Renk körlüğü değişik renkleri ve gölgeleri algılamaktaki bozukluğu tanımlamak için kullanılır. Renk körlüğü bir canlının görme merkezinde özel bir pigment molekülünün bulunmaması veya gerektiğinden az bulunmasıdır.

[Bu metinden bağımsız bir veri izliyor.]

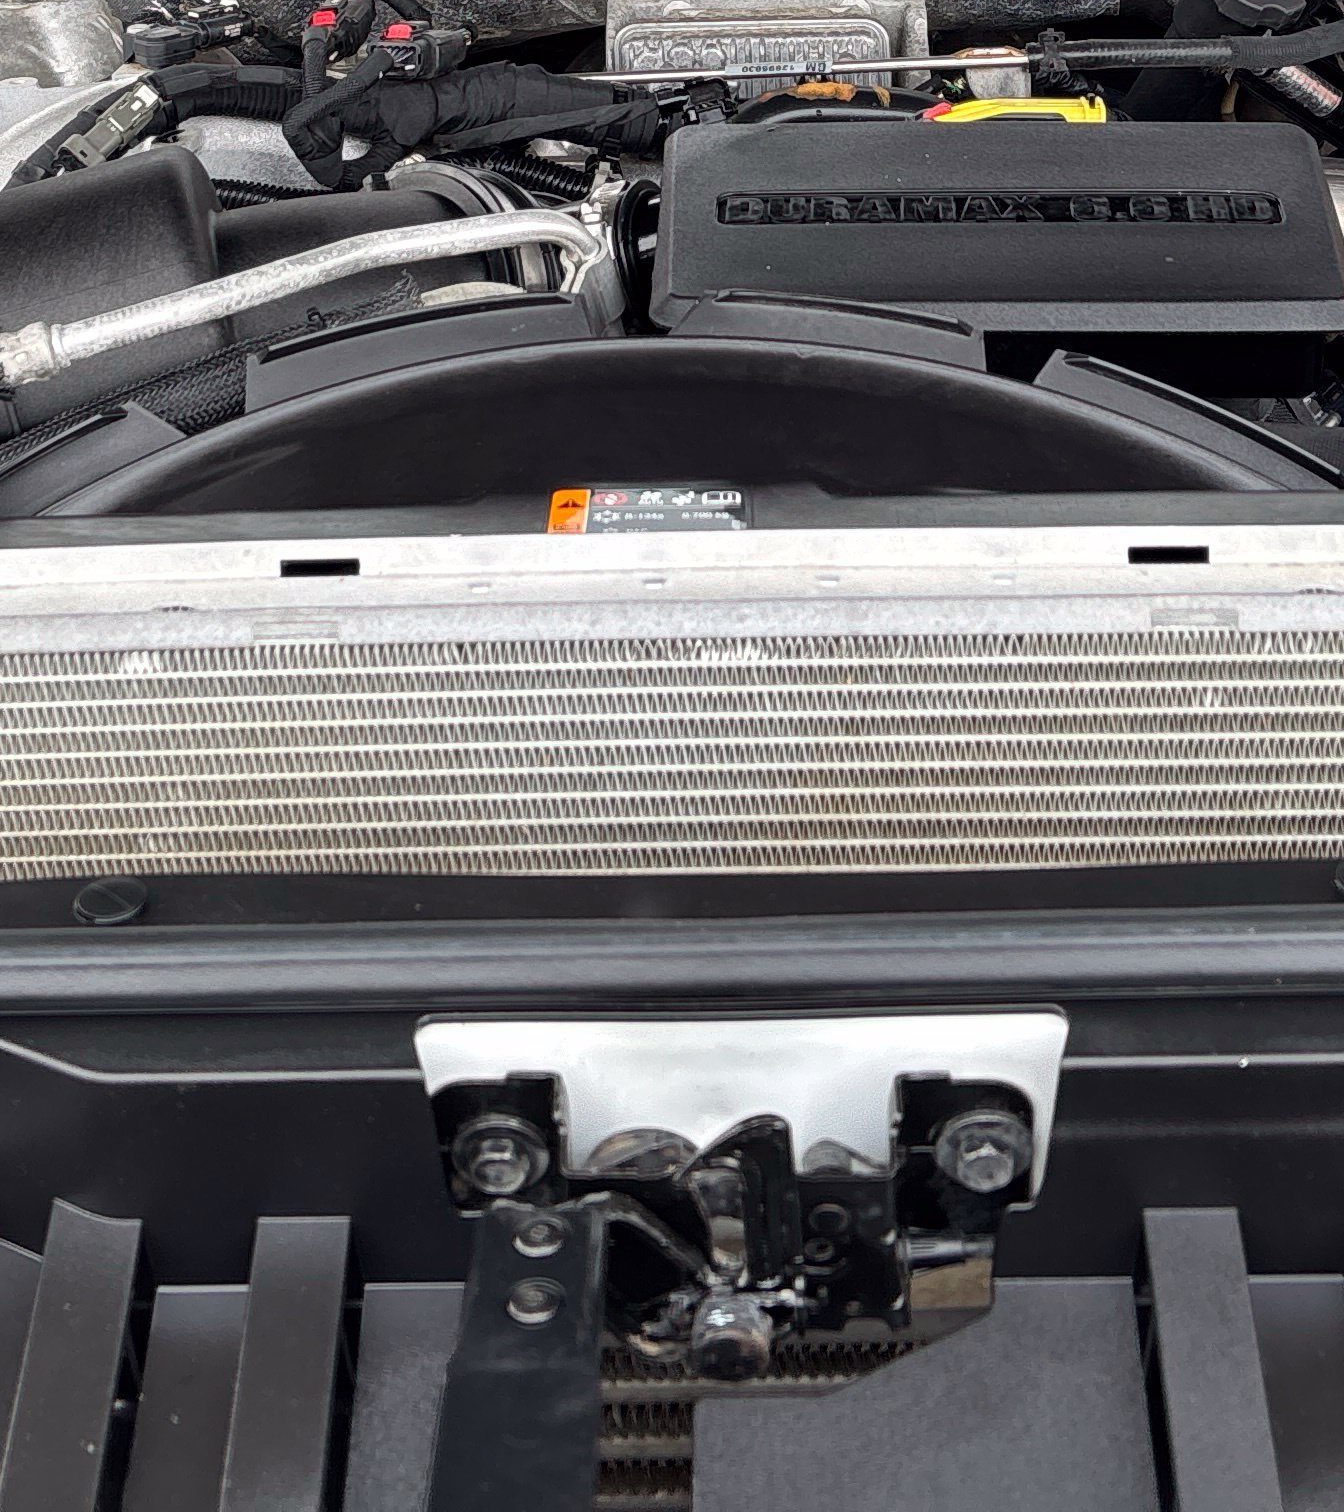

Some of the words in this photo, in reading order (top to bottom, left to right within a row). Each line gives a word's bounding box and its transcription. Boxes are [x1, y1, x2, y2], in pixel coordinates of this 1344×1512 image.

[724, 194, 1045, 223] DURAMAX
[1069, 194, 1172, 222] 6.6
[1186, 194, 1275, 224] HD

Kadınlardan fazla erkeklerde görülen, oldukça yaygın bir durumdur.
Kadınlarda yüzde 0,6–0,8 oranında rastlanılmasına rağmen bu oran erkeklerde yaklaşık yüzde 10 dur. Bu hastalığın nedeni; gözün retina tabakasındaki bazı pigmentlerin eksikliği veya hiç olmamasıdır. Sıklıkla kırmızı-yeşil gibi renklerin karıştırılması şeklinde ortaya çıkan renk körlüğü, nadiren de olsa tüm renklerin gri ve tonlarındaymış gibi algılandığı şekilde de görülebilmektedir.
Renk körlüğü aynı rengin tonlarını ayırmakta olan güçlük şeklinde hafif olabileceği gibi hiç bir rengi ayıramayacak kadar şiddetli olabilir. Bir canlının görme merkezinde özel bir pigment molekülünün bulunmaması veya gerektiğinden az bulunmasıdır. Bu eksiklik sonucunda çeşitli renklerin çevresindeki renkleri ayırt edemez.
En çok görülen tipi, kırmızı ile yeşilin ayırt edilememesidir. Nadir görülen bazı vakalarda ise bütün renklerin ayırt edilememesi ve dünyanın siyah – beyaz görülmesi söz konusudur. Her 20 erkekten ve her 200 kadından birinde vardır. Çoğu renk körü olduğunu kendiliğinden fark etmez.